=== Begin Enclosure ===

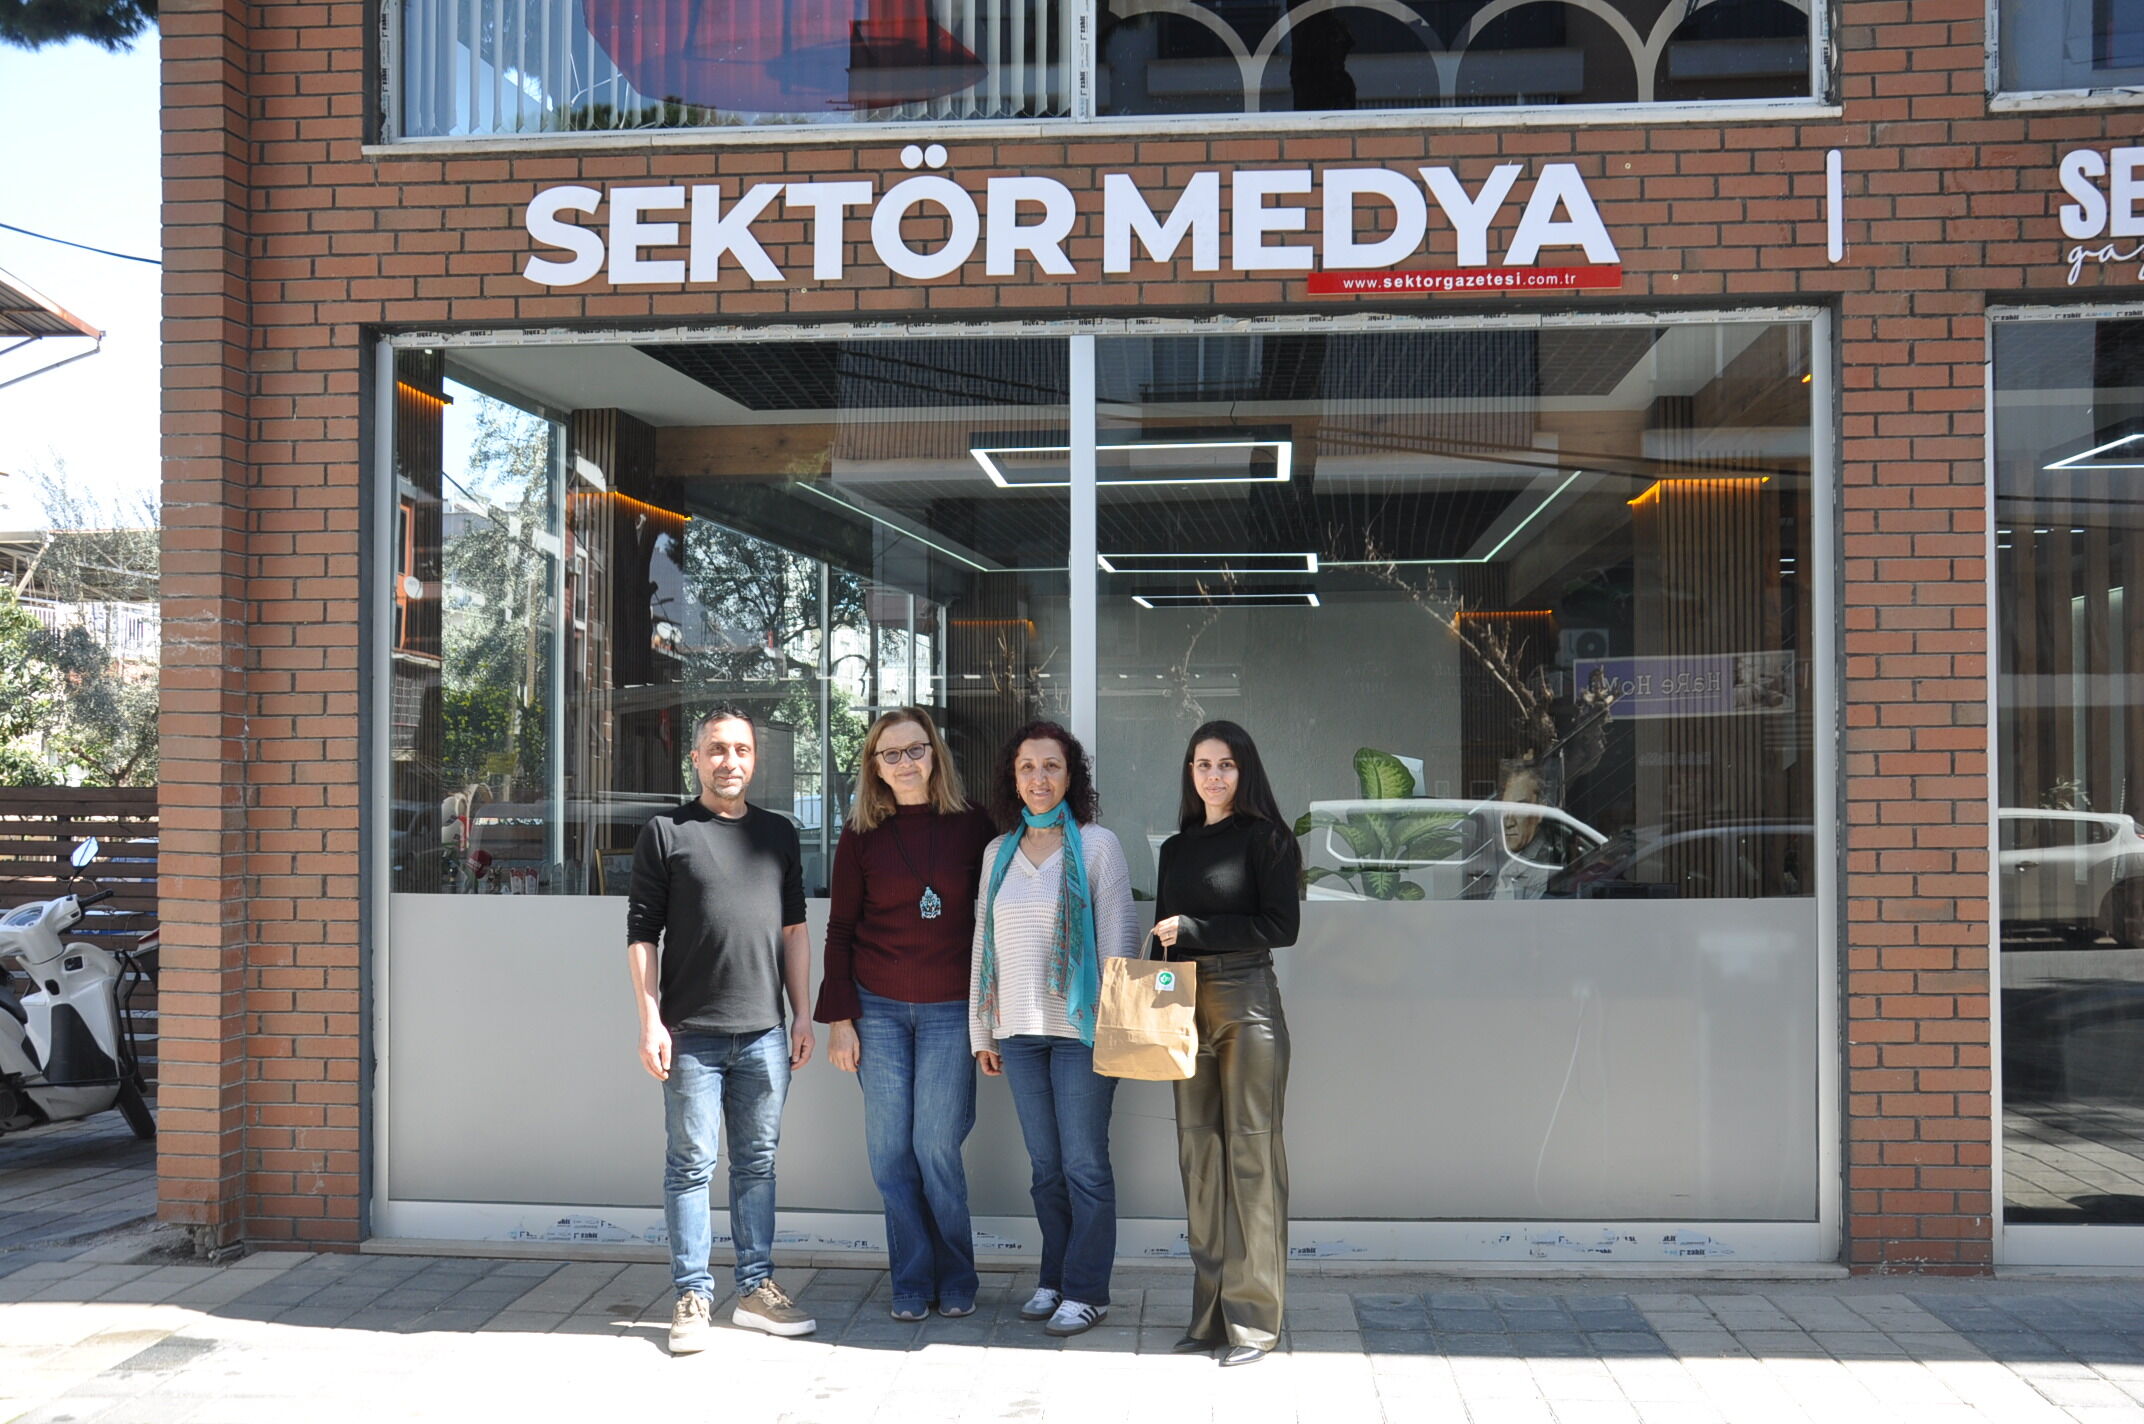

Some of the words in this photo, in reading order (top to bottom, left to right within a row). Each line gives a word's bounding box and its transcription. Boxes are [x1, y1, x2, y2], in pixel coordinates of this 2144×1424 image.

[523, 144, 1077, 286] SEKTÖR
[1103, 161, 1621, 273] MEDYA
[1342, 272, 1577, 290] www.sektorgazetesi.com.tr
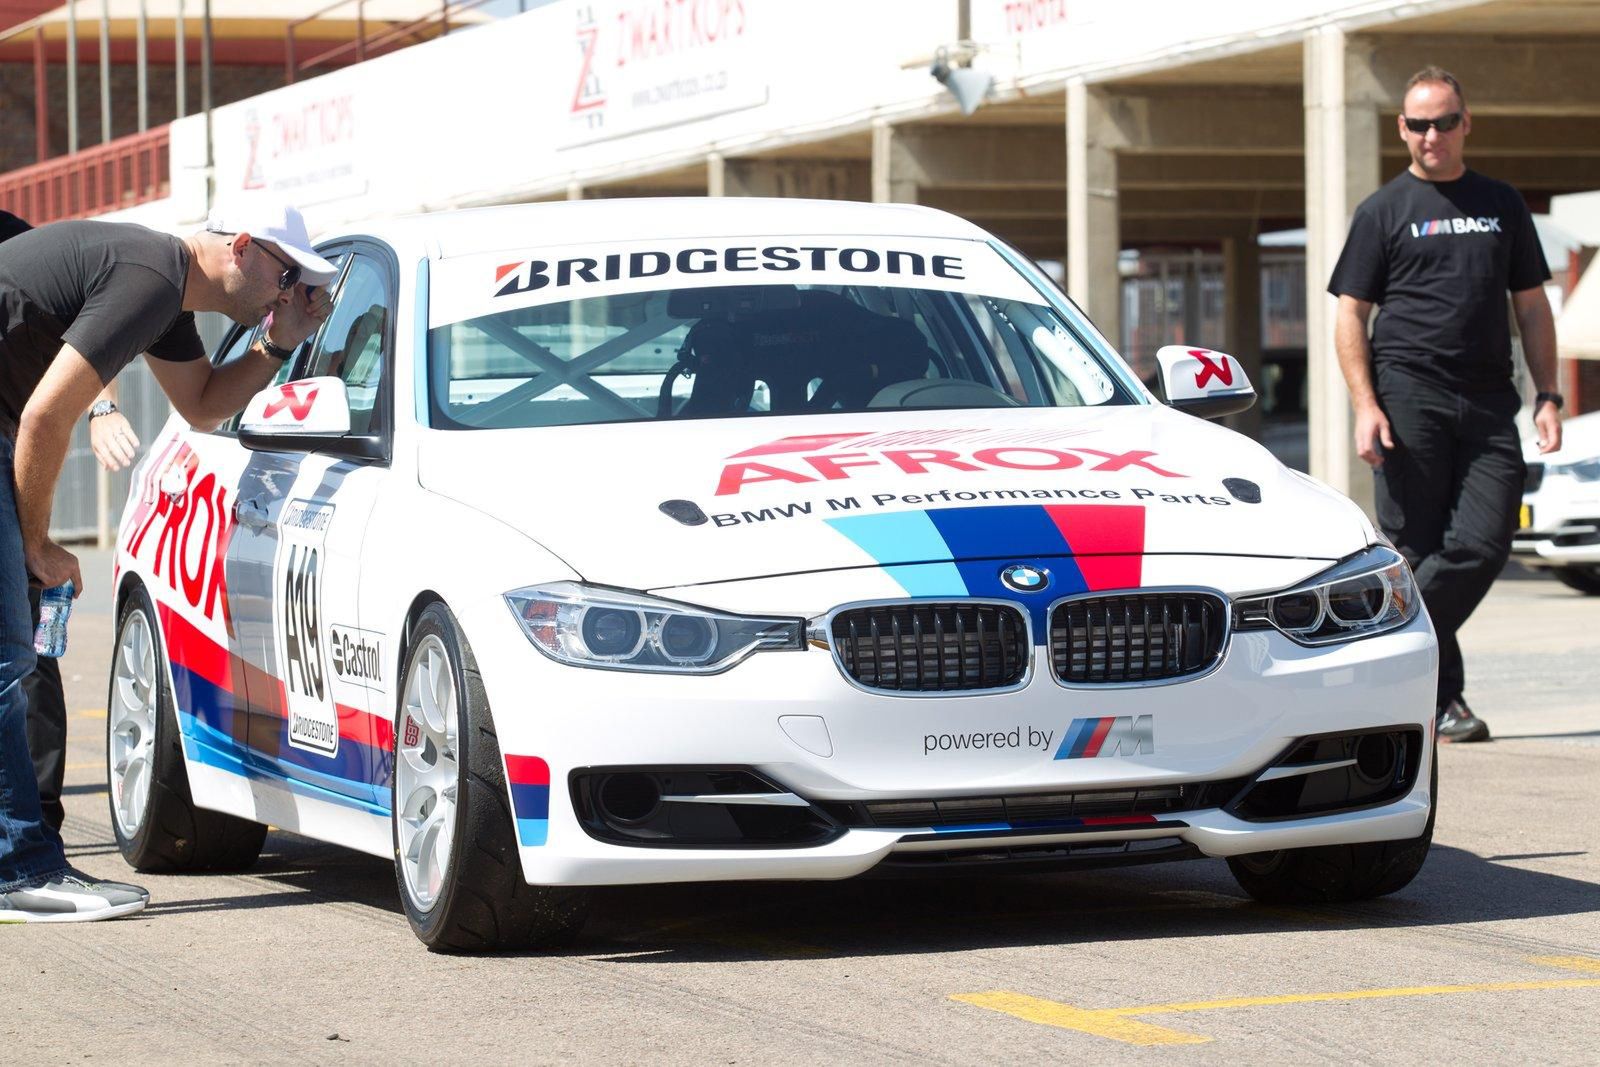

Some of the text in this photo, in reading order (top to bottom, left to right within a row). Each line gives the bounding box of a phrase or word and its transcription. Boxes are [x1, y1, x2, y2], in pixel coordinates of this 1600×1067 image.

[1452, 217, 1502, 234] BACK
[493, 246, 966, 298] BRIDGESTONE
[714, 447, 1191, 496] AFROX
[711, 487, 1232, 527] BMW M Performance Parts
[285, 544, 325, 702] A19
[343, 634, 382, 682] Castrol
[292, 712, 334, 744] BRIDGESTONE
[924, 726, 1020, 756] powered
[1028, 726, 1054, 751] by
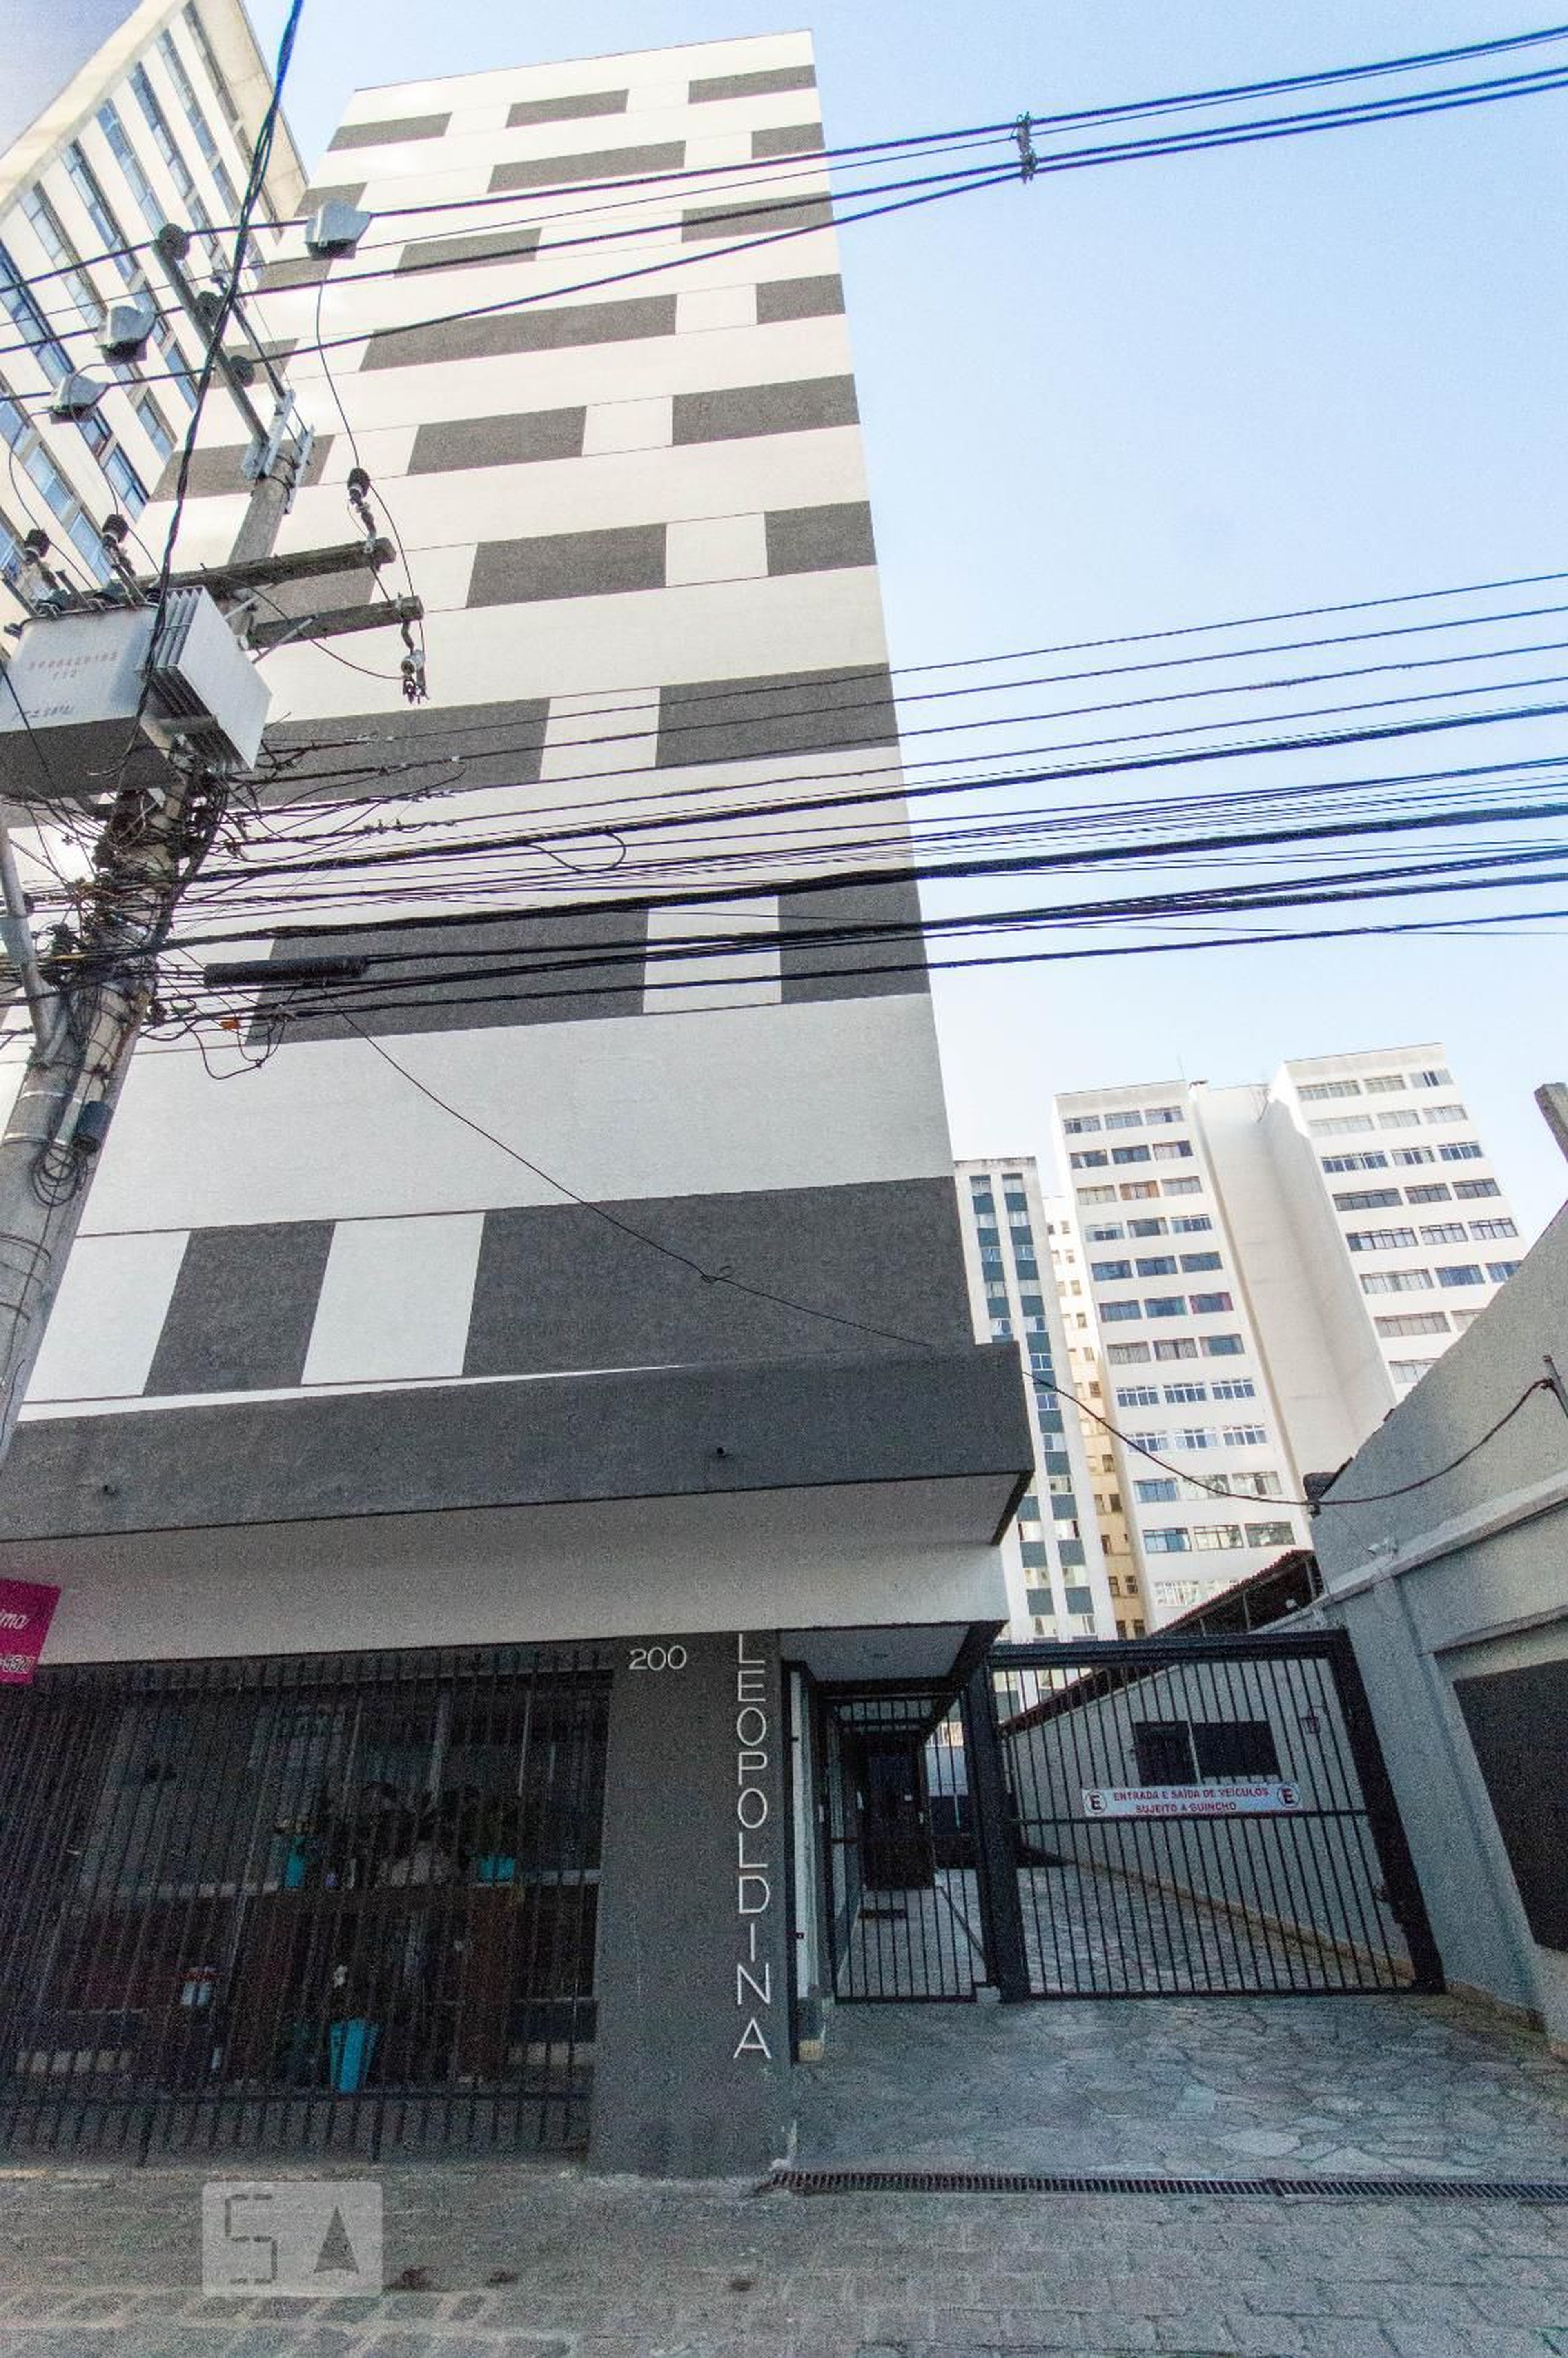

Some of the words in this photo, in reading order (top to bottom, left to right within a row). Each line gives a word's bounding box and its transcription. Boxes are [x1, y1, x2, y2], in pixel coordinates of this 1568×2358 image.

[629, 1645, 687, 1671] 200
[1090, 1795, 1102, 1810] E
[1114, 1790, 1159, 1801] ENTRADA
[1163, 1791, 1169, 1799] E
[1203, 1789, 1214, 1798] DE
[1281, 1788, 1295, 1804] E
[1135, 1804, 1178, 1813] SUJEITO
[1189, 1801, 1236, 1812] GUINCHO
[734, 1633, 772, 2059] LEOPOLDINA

=== End Enclosure ===

* **TASK REQUIREMENTS**
In your copy, leave out the pictures and reproduce the material above exactly.

* **RESULT**
Some of the words in this photo, in reading order (top to bottom, left to right within a row). Each line gives a word's bounding box and its transcription. Boxes are [x1, y1, x2, y2], in pixel coordinates of this 2144×1424 image.

[523, 144, 1077, 286] SEKTÖR
[1103, 161, 1621, 273] MEDYA
[1342, 272, 1577, 290] www.sektorgazetesi.com.tr

Some of the text in this photo, in reading order (top to bottom, left to right within a row). Each line gives the bounding box of a phrase or word and its transcription. Boxes are [x1, y1, x2, y2], in pixel coordinates of this 1600×1067 image.

[1452, 217, 1502, 234] BACK
[493, 246, 966, 298] BRIDGESTONE
[714, 447, 1191, 496] AFROX
[711, 487, 1232, 527] BMW M Performance Parts
[285, 544, 325, 702] A19
[343, 634, 382, 682] Castrol
[292, 712, 334, 744] BRIDGESTONE
[924, 726, 1020, 756] powered
[1028, 726, 1054, 751] by

Some of the words in this photo, in reading order (top to bottom, left to right within a row). Each line gives a word's bounding box and its transcription. Boxes are [x1, y1, x2, y2], in pixel coordinates of this 1568×2358 image.

[629, 1645, 687, 1671] 200
[1090, 1795, 1102, 1810] E
[1114, 1790, 1159, 1801] ENTRADA
[1163, 1791, 1169, 1799] E
[1203, 1789, 1214, 1798] DE
[1281, 1788, 1295, 1804] E
[1135, 1804, 1178, 1813] SUJEITO
[1189, 1801, 1236, 1812] GUINCHO
[734, 1633, 772, 2059] LEOPOLDINA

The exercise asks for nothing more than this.